-- RECORDS FOR PROCESSING --
-.-.-

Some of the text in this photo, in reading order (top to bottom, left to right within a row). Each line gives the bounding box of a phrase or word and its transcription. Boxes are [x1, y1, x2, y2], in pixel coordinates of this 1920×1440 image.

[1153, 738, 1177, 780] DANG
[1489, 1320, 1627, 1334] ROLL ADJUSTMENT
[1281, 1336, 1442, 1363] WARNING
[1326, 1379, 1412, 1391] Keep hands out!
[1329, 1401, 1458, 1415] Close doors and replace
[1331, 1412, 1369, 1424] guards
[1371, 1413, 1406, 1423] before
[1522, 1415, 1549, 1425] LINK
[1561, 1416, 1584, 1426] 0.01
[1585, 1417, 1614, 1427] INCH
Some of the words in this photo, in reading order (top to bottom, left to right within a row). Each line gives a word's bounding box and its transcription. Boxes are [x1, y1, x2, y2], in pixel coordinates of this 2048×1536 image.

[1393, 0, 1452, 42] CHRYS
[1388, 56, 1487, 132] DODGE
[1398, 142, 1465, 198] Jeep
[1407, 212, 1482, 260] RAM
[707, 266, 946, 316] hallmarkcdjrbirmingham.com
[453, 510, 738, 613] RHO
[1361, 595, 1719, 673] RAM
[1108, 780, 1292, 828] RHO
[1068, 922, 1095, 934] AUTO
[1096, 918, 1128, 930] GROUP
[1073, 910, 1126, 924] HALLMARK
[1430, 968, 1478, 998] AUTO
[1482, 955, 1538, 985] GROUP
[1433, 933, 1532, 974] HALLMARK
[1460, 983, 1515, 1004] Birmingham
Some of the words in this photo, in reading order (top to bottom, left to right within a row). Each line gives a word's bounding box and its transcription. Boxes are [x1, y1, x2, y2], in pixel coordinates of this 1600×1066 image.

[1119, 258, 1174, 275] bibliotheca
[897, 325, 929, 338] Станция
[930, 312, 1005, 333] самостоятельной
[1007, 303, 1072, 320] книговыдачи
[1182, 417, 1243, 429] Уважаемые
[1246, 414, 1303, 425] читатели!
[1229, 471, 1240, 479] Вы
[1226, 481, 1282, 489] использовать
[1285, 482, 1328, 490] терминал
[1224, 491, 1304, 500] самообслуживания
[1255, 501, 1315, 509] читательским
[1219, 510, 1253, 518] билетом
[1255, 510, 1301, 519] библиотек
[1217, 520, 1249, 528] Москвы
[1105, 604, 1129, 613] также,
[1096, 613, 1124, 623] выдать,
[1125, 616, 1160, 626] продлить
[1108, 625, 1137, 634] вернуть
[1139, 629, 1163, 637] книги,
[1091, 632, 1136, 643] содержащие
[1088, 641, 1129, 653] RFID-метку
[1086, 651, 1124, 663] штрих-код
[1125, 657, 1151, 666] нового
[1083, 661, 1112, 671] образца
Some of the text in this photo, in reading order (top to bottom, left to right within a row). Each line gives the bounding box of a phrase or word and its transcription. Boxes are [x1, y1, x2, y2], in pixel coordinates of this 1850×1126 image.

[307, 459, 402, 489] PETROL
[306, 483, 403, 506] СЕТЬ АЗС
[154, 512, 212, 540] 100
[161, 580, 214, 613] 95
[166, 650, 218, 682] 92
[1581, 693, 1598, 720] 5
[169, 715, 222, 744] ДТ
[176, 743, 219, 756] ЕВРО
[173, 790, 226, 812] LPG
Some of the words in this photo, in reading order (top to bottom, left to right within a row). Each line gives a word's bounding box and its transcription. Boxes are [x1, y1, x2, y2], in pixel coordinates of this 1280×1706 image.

-.-.-

-- WHAT YOU NEED TO DO --
Each of the records above is to be reproduced word for word.

-- RESULT OF THIS EXERCISE --
Some of the text in this photo, in reading order (top to bottom, left to right within a row). Each line gives the bounding box of a phrase or word and its transcription. Boxes are [x1, y1, x2, y2], in pixel coordinates of this 1920×1440 image.

[1153, 738, 1177, 780] DANG
[1489, 1320, 1627, 1334] ROLL ADJUSTMENT
[1281, 1336, 1442, 1363] WARNING
[1326, 1379, 1412, 1391] Keep hands out!
[1329, 1401, 1458, 1415] Close doors and replace
[1331, 1412, 1369, 1424] guards
[1371, 1413, 1406, 1423] before
[1522, 1415, 1549, 1425] LINK
[1561, 1416, 1584, 1426] 0.01
[1585, 1417, 1614, 1427] INCH
Some of the words in this photo, in reading order (top to bottom, left to right within a row). Each line gives a word's bounding box and its transcription. Boxes are [x1, y1, x2, y2], in pixel coordinates of this 2048×1536 image.

[1393, 0, 1452, 42] CHRYS
[1388, 56, 1487, 132] DODGE
[1398, 142, 1465, 198] Jeep
[1407, 212, 1482, 260] RAM
[707, 266, 946, 316] hallmarkcdjrbirmingham.com
[453, 510, 738, 613] RHO
[1361, 595, 1719, 673] RAM
[1108, 780, 1292, 828] RHO
[1068, 922, 1095, 934] AUTO
[1096, 918, 1128, 930] GROUP
[1073, 910, 1126, 924] HALLMARK
[1430, 968, 1478, 998] AUTO
[1482, 955, 1538, 985] GROUP
[1433, 933, 1532, 974] HALLMARK
[1460, 983, 1515, 1004] Birmingham
Some of the words in this photo, in reading order (top to bottom, left to right within a row). Each line gives a word's bounding box and its transcription. Boxes are [x1, y1, x2, y2], in pixel coordinates of this 1600×1066 image.

[1119, 258, 1174, 275] bibliotheca
[897, 325, 929, 338] Станция
[930, 312, 1005, 333] самостоятельной
[1007, 303, 1072, 320] книговыдачи
[1182, 417, 1243, 429] Уважаемые
[1246, 414, 1303, 425] читатели!
[1229, 471, 1240, 479] Вы
[1226, 481, 1282, 489] использовать
[1285, 482, 1328, 490] терминал
[1224, 491, 1304, 500] самообслуживания
[1255, 501, 1315, 509] читательским
[1219, 510, 1253, 518] билетом
[1255, 510, 1301, 519] библиотек
[1217, 520, 1249, 528] Москвы
[1105, 604, 1129, 613] также,
[1096, 613, 1124, 623] выдать,
[1125, 616, 1160, 626] продлить
[1108, 625, 1137, 634] вернуть
[1139, 629, 1163, 637] книги,
[1091, 632, 1136, 643] содержащие
[1088, 641, 1129, 653] RFID-метку
[1086, 651, 1124, 663] штрих-код
[1125, 657, 1151, 666] нового
[1083, 661, 1112, 671] образца
Some of the text in this photo, in reading order (top to bottom, left to right within a row). Each line gives the bounding box of a phrase or word and its transcription. Boxes are [x1, y1, x2, y2], in pixel coordinates of this 1850×1126 image.

[307, 459, 402, 489] PETROL
[306, 483, 403, 506] СЕТЬ АЗС
[154, 512, 212, 540] 100
[161, 580, 214, 613] 95
[166, 650, 218, 682] 92
[1581, 693, 1598, 720] 5
[169, 715, 222, 744] ДТ
[176, 743, 219, 756] ЕВРО
[173, 790, 226, 812] LPG
Some of the words in this photo, in reading order (top to bottom, left to right within a row). Each line gives a word's bounding box and its transcription. Boxes are [x1, y1, x2, y2], in pixel coordinates of this 1280×1706 image.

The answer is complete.